Blog: The Miracle of Birth (and the embarrassment of passing out cold in the dirt) | Common Language Project
Today I walked into a delivery room for the first time, took some photos and fainted. It was a reminder that sometimes the reality of working in the field is impossible to prepare for.I woke up this morning, downed a malaria pill and slipped out of the house to explore the grounds of Bollobhpur — a hospital compound where I'll be staying for two weeks to report on birthing in rural Bangladesh. I'm traveling with a group of midwives from all over the world. The only fluent English and Bangla speaker in the small village is Sister Gillian Rose, a British midwife whose years of experience and service in this remote village have earned her the nickname "the second Mother Teresa" among her coworkers.
We hadn't yet met when I saw her; her sandals swept across the grass on her way to the hospital ward.

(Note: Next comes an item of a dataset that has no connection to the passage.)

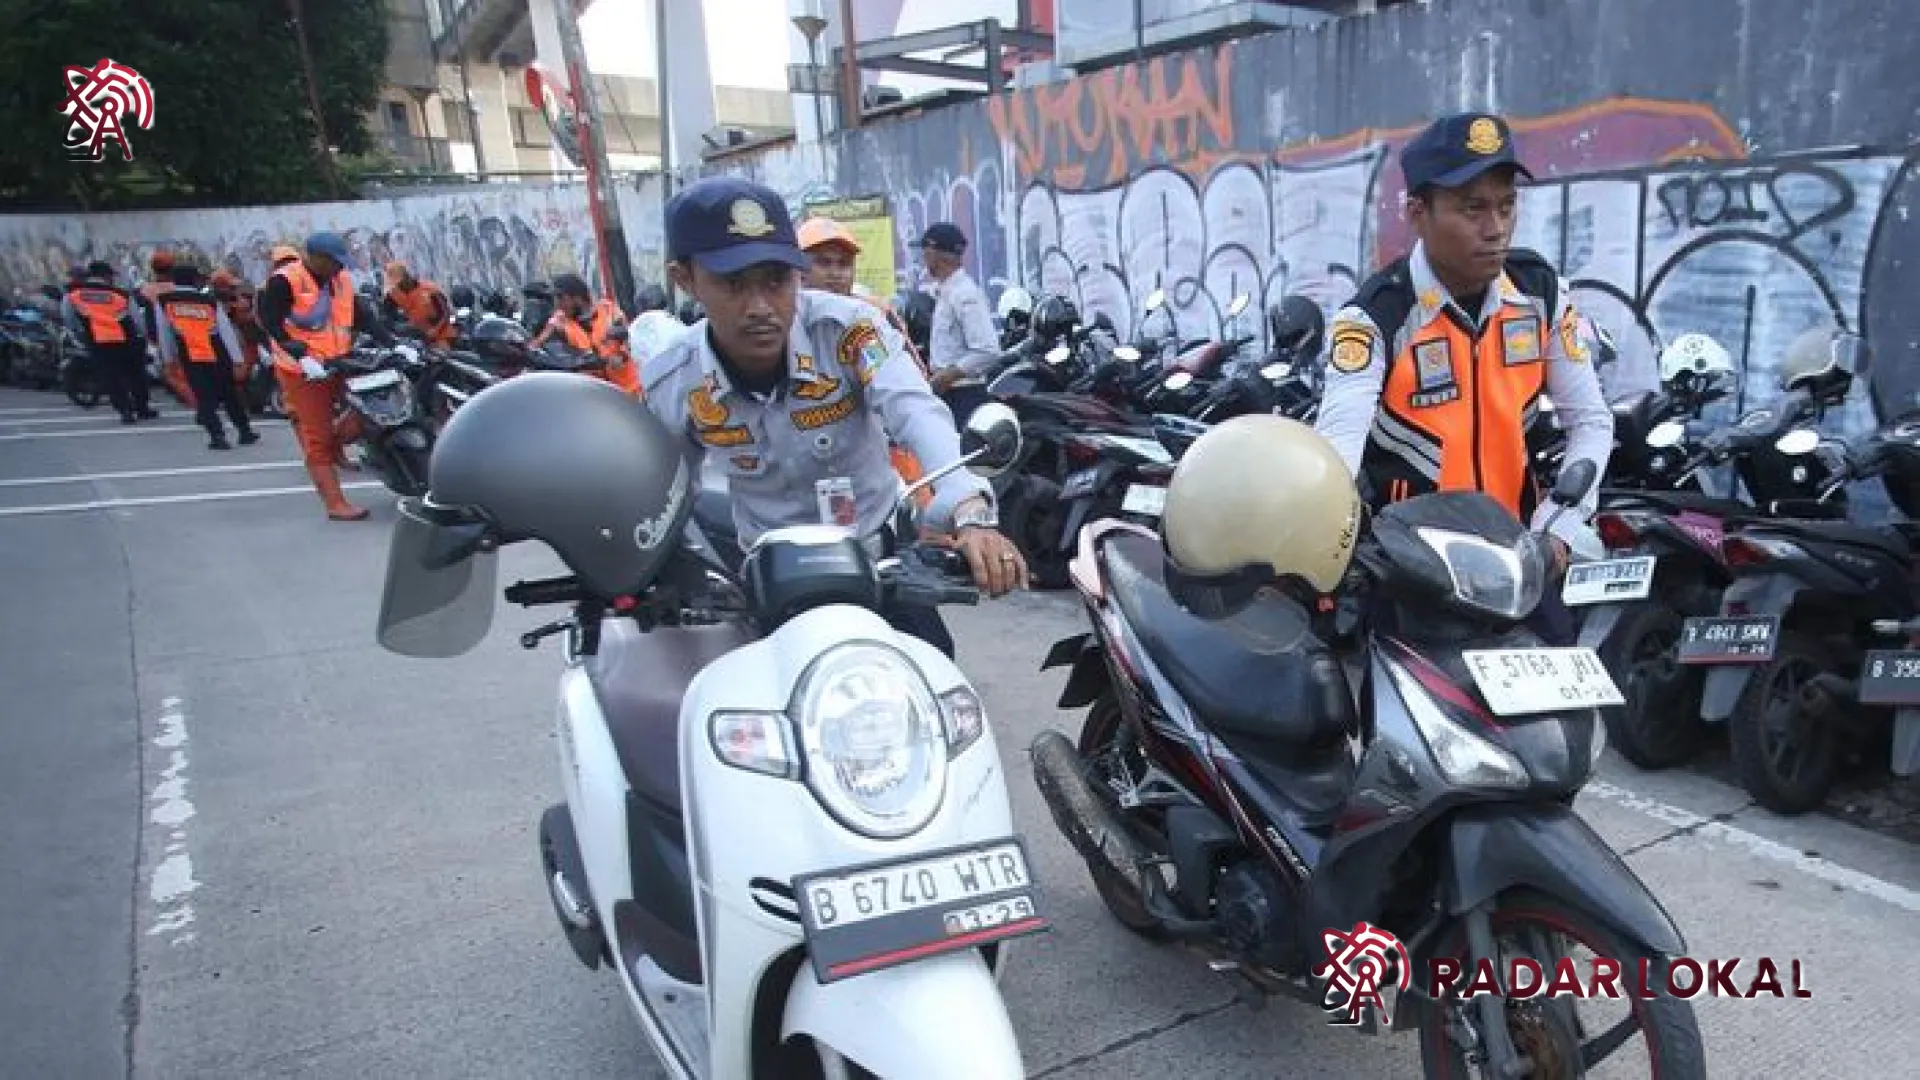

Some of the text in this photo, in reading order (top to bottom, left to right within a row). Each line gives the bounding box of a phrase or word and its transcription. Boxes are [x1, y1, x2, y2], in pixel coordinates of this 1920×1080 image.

"Good morning," she said, moving swiftly across the compound. "Come this way — there's a delivery now."
Cracking a wooden door open, she motioned for me to enter. Realizing she may have thought I was one of the midwives, I turned around to introduce myself properly, but she was already gone.
In the back of the room I saw a small woman lying on her back, legs spread, toes wrapped around two metal poles on the side of the bed. Five Bengali nursing students and one staff nurse encouraged her through her contractions.
"Dao, dao, dao," they said — "give, give, give." The nursing students looked inquisitively at me. I felt helpless as droplets of sweat trickled down the laboring woman's forehead.
An hour went by —
"It has to be 95 degrees," I thought as I fanned the woman with a duct tape–covered book. She was quiet as the nurses began checking her progress. The baby began crowning, but it didn't seem there was any way it would squeeze out from her body.
The nurse grabbed a pair of scissors from a piece of cloth and performed an episiotomy — cutting the woman's vaginal wall — as the laboring woman broke her silence and howled in pain.
As blood dripped down her leg into a bucket, the sounds from the room became muffled and the voices of the nurses seemed to be dubbed — I couldn't match up their movements with the cries I heard. My head seemed to sway back and forth like a bobblehead doll. I saw the baby's black hair and then, clutching the wall, I slipped out of the room and onto the dusty cement.
"Breathe, breathe," I said to myself. "Pull it together!" Pushing my hands into the ground, my eyesight flicked on and off like a TV screen, then my knees buckled and I hit the cement.
A few minutes later, awake again and somewhat composed, I walked back into the room (while the nurses furrowed their eyebrows, confused about my absence) and saw a curious little shishu — a baby — lying on his mother's tummy, as the nurse cut his umbilical cord.
So, I missed it. Despite watching home birthing videos a few weeks prior, nothing could prepare my mind for the intensity of a live birth. I worried I would faint every time I tried to watch a birth — that perhaps I just couldn't handle it.
Sister Gillian lent me some grace over tea the next day. "Episiotomies are hard for anyone to watch," she said, cracking a smile. She's a woman of few words so I have to say the encouragement made me feel better.
Last night I photographed and observed two more deliveries. I even got to hold one 10-minute-old baby while the nurses prepared a bath.
The new baby, little Sumia, blinked her eyes open and jutted her fist into the air. Her lips parted into a wide smile before she fell sound asleep. Her exhausted mother slept on the delivery table, with an arm outstretched to her newborn. It was amazing and I didn't pass out once.